PROBLEM DETAILS — Skip the pictures and return every entry exactly as written.

BEGIN RECORDS

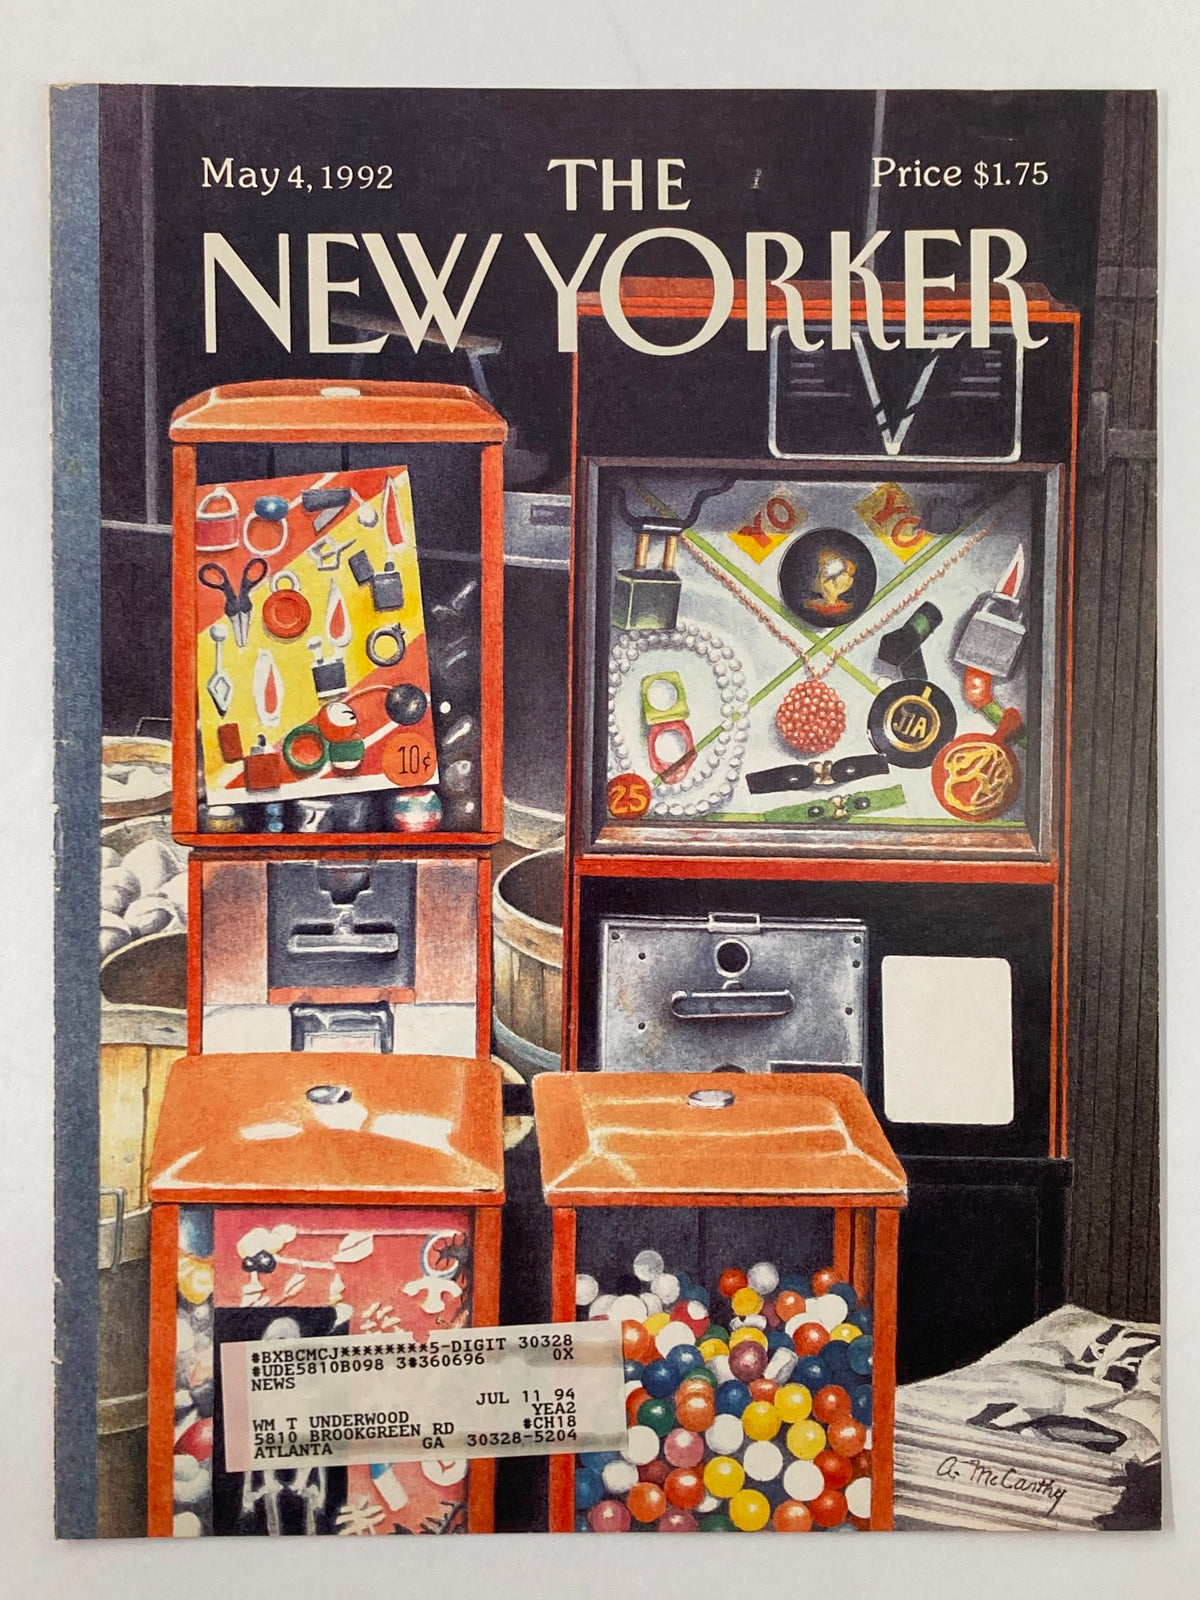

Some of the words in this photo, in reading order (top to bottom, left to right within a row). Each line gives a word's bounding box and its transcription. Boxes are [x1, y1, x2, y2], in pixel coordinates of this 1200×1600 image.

[201, 156, 281, 196] May
[287, 164, 313, 193] 4,
[321, 164, 394, 190] 1992
[547, 158, 691, 211] THE
[871, 156, 962, 188] Price
[973, 160, 1049, 189] $1.75
[203, 231, 503, 355] NEW
[524, 226, 1050, 356] YORKER
[398, 744, 432, 775] 10¢
[608, 784, 648, 814] 25
[518, 1334, 573, 1349] 30328
[396, 1352, 485, 1370] 3#360696
[251, 1376, 296, 1391] NEWS
[476, 1391, 510, 1406] JUL
[522, 1389, 540, 1403] 11
[554, 1387, 575, 1401] 94
[532, 1401, 577, 1416] YEA2
[252, 1418, 275, 1432] WM
[286, 1417, 298, 1430] T
[309, 1410, 409, 1429] UNDERWOOD
[523, 1415, 577, 1430] #CH18
[254, 1431, 297, 1446] 5810
[309, 1423, 421, 1443] BROOKGREEN
[432, 1422, 454, 1436] RD
[254, 1443, 333, 1459] ATLANTA
[422, 1436, 445, 1449] GA
[467, 1428, 577, 1447] 30328-5204

END RECORDS

RESULT OF THIS TASK —
Some of the words in this photo, in reading order (top to bottom, left to right within a row). Each line gives a word's bounding box and its transcription. Boxes are [x1, y1, x2, y2], in pixel coordinates of this 1200×1600 image.

[201, 156, 281, 196] May
[287, 164, 313, 193] 4,
[321, 164, 394, 190] 1992
[547, 158, 691, 211] THE
[871, 156, 962, 188] Price
[973, 160, 1049, 189] $1.75
[203, 231, 503, 355] NEW
[524, 226, 1050, 356] YORKER
[398, 744, 432, 775] 10¢
[608, 784, 648, 814] 25
[518, 1334, 573, 1349] 30328
[396, 1352, 485, 1370] 3#360696
[251, 1376, 296, 1391] NEWS
[476, 1391, 510, 1406] JUL
[522, 1389, 540, 1403] 11
[554, 1387, 575, 1401] 94
[532, 1401, 577, 1416] YEA2
[252, 1418, 275, 1432] WM
[286, 1417, 298, 1430] T
[309, 1410, 409, 1429] UNDERWOOD
[523, 1415, 577, 1430] #CH18
[254, 1431, 297, 1446] 5810
[309, 1423, 421, 1443] BROOKGREEN
[432, 1422, 454, 1436] RD
[254, 1443, 333, 1459] ATLANTA
[422, 1436, 445, 1449] GA
[467, 1428, 577, 1447] 30328-5204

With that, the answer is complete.